American Elephants


Renewable Energy, Everything Old is New Again. by The Elephant's Child
July 8, 2009, 1:34 am
Filed under: Capitalism, Energy, Humor

The administration is enthusiastic about renewable energy in the guise of wind and solar.  But one of the fastest growing sources is — the wood pellet.

European utilities are snapping up the small combustible pellets to burn alongside coal in existing power plants.  As a global marketplace emerges to feed their growing appetite for pellets, the Southeastern U.S. is becoming a major exporter, with pellet factories sprouting in Florida, Alabama and Arkansas.

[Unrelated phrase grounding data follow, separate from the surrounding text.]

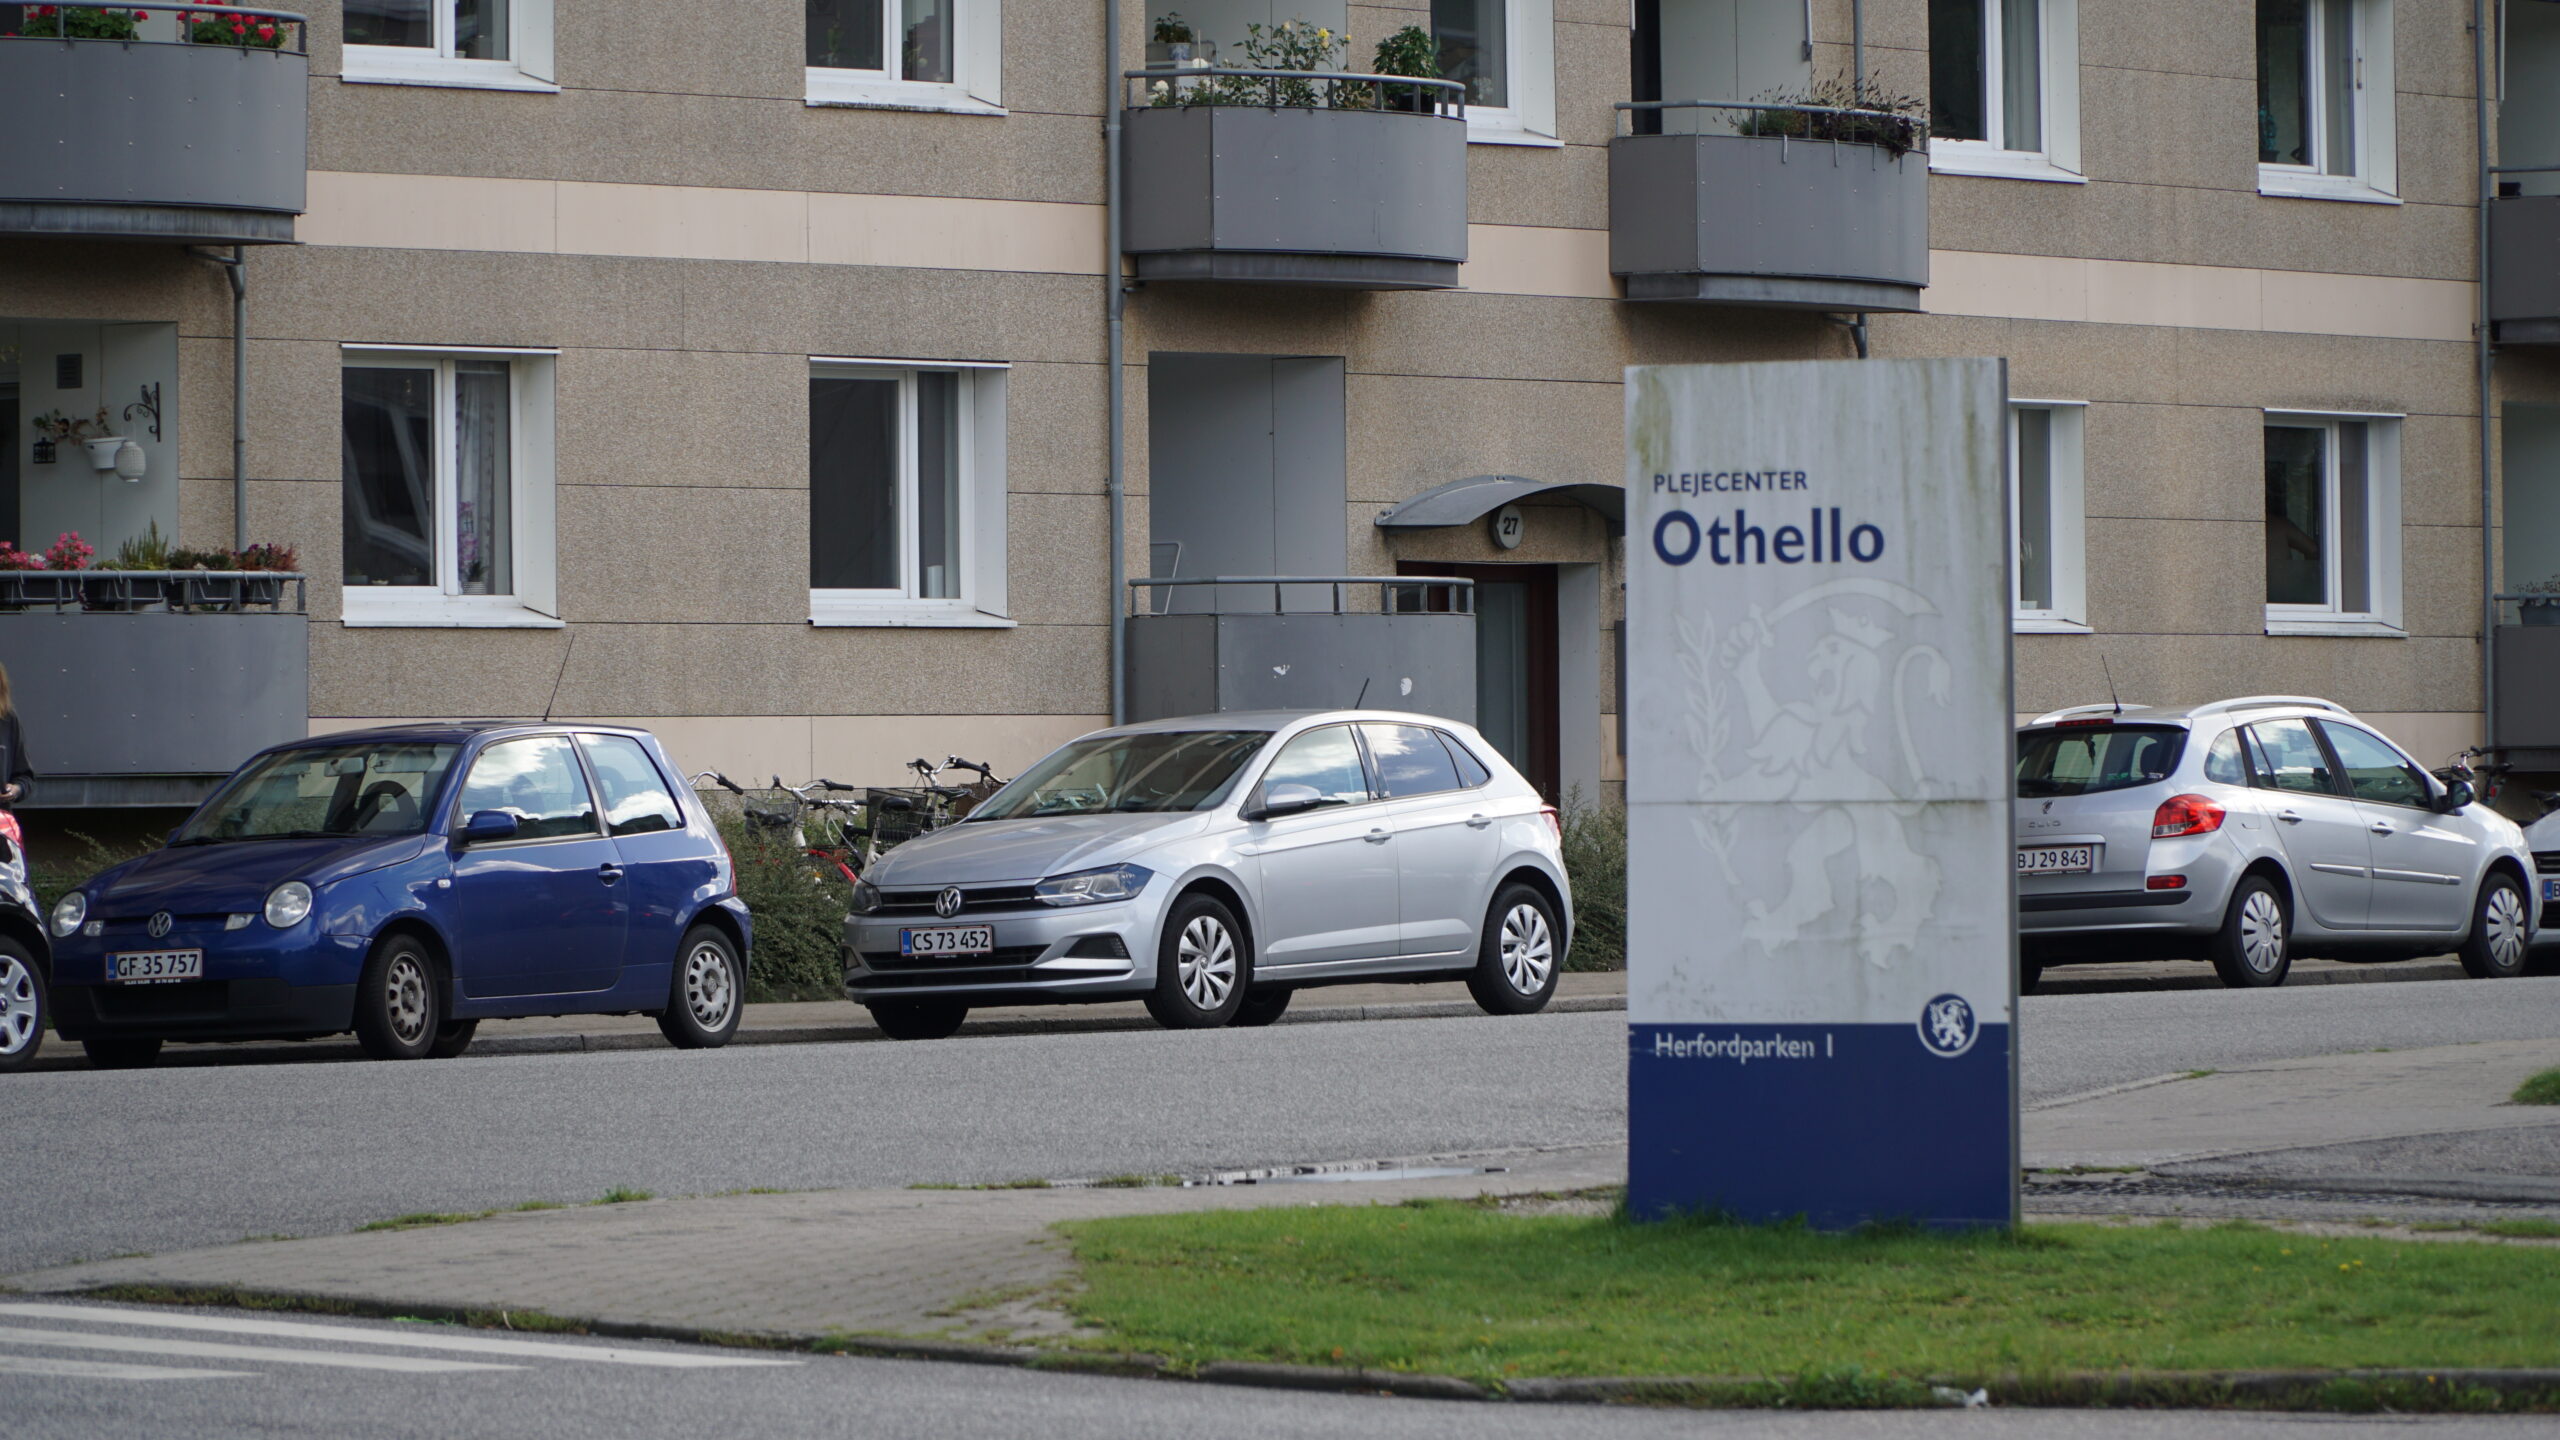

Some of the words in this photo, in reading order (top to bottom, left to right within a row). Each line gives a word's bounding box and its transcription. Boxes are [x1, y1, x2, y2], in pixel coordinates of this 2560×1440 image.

[1653, 471, 1809, 498] PLEJECENTER
[1503, 516, 1519, 535] 27
[1652, 507, 1885, 567] Othello
[2017, 852, 2036, 869] BJ
[2039, 851, 2057, 868] 29
[2060, 849, 2088, 867] 843
[912, 933, 933, 951] CS
[936, 931, 956, 950] 73
[960, 930, 989, 949] 452
[117, 957, 138, 977] GF
[142, 955, 163, 975] 35
[167, 953, 198, 974] 757
[1655, 1031, 1816, 1065] Herfordparken

Wood pellets — cylinders of dried shredded wood that resemble large vitamins — are the least expensive way to meet European renewable-energy mandates, utility executives and industry consultants say.

Made from fast-growing trees or sawdust, pellets are a pricier fuel than coal, but burning them is a less-expensive way to generate electricity than using windmills or solar panels.  Burning pellets releases the carbon that the trees would emit anyway when they die and decompose, so the process is widely regarded as largely carbon neutral.

I’m sorry, but you have to go through amazing intellectual gyrations to arrive at this careful statement.  But there is something funny about attempts to be really, really modern by making electricity with windmills, warming water with the sun, and heating with wood fires.   But of course, they are “turbines” not mills, and it’s not the sun, but a “solar array”, and they’re not burning wood, but “pellets.” So that’s the way we advance beyond the Industrial Revolution.  Snort.

Well bureaucrats make rules, and entrepreneurs find ways to get around them or ways to profit from them.  It’s the American way.